START Task data
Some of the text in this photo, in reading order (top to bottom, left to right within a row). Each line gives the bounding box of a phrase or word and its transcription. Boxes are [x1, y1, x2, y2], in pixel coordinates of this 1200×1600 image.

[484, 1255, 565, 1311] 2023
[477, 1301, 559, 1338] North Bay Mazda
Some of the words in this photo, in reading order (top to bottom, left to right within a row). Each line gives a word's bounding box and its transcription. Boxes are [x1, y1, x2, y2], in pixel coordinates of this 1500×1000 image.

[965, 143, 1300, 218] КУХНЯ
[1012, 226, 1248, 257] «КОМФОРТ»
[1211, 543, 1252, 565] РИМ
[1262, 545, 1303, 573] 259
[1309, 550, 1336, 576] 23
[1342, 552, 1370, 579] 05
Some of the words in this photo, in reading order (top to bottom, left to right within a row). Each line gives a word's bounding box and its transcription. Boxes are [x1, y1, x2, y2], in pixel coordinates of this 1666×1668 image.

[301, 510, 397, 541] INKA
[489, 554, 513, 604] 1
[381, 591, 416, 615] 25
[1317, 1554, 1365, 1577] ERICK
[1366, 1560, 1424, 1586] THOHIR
END Task data
#### The problem
Extract, exactly, the lines above that begin at the line containing "this 1500×1000 image." and end at the final line of the records; add no other text.

#### Your response
Some of the words in this photo, in reading order (top to bottom, left to right within a row). Each line gives a word's bounding box and its transcription. Boxes are [x1, y1, x2, y2], in pixel coordinates of this 1500×1000 image.

[965, 143, 1300, 218] КУХНЯ
[1012, 226, 1248, 257] «КОМФОРТ»
[1211, 543, 1252, 565] РИМ
[1262, 545, 1303, 573] 259
[1309, 550, 1336, 576] 23
[1342, 552, 1370, 579] 05
Some of the words in this photo, in reading order (top to bottom, left to right within a row). Each line gives a word's bounding box and its transcription. Boxes are [x1, y1, x2, y2], in pixel coordinates of this 1666×1668 image.

[301, 510, 397, 541] INKA
[489, 554, 513, 604] 1
[381, 591, 416, 615] 25
[1317, 1554, 1365, 1577] ERICK
[1366, 1560, 1424, 1586] THOHIR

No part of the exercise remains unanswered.